### Task details
Pictures excluded, copy all of the data below exactly.

### Data for review

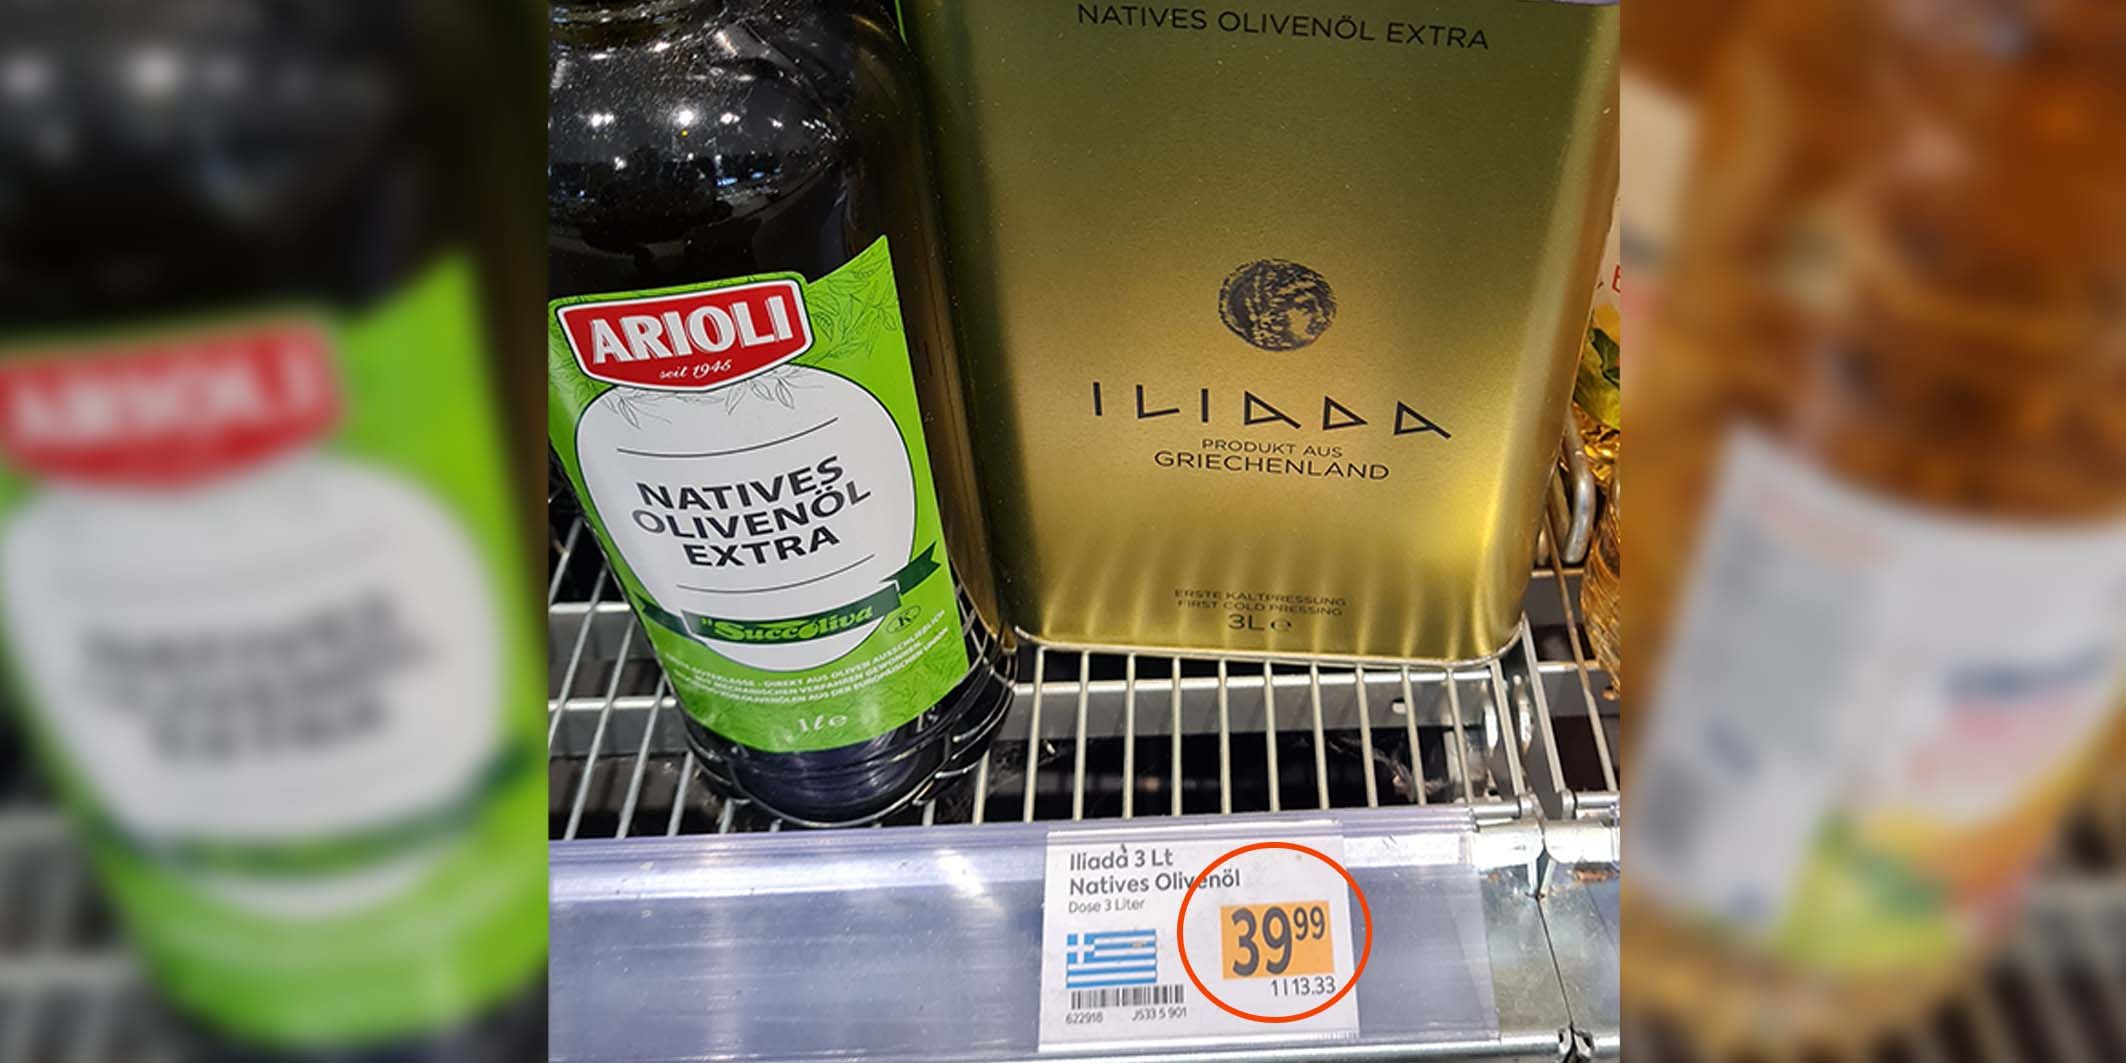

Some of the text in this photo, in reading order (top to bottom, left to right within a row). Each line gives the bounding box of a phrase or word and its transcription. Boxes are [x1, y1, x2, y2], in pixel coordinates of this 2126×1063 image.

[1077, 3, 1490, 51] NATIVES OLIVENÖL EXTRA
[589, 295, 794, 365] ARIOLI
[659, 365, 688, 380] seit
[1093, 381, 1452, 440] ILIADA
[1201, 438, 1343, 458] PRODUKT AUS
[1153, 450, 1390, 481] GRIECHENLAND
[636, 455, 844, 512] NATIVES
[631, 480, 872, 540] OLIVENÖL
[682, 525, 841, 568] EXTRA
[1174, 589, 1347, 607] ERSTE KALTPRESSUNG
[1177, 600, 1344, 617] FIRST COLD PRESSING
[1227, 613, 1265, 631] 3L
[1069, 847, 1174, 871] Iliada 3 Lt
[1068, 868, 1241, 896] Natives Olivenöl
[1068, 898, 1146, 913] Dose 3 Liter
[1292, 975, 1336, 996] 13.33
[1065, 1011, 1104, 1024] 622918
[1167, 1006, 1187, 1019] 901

### Solution
Some of the text in this photo, in reading order (top to bottom, left to right within a row). Each line gives the bounding box of a phrase or word and its transcription. Boxes are [x1, y1, x2, y2], in pixel coordinates of this 2126×1063 image.

[1077, 3, 1490, 51] NATIVES OLIVENÖL EXTRA
[589, 295, 794, 365] ARIOLI
[659, 365, 688, 380] seit
[1093, 381, 1452, 440] ILIADA
[1201, 438, 1343, 458] PRODUKT AUS
[1153, 450, 1390, 481] GRIECHENLAND
[636, 455, 844, 512] NATIVES
[631, 480, 872, 540] OLIVENÖL
[682, 525, 841, 568] EXTRA
[1174, 589, 1347, 607] ERSTE KALTPRESSUNG
[1177, 600, 1344, 617] FIRST COLD PRESSING
[1227, 613, 1265, 631] 3L
[1069, 847, 1174, 871] Iliada 3 Lt
[1068, 868, 1241, 896] Natives Olivenöl
[1068, 898, 1146, 913] Dose 3 Liter
[1292, 975, 1336, 996] 13.33
[1065, 1011, 1104, 1024] 622918
[1167, 1006, 1187, 1019] 901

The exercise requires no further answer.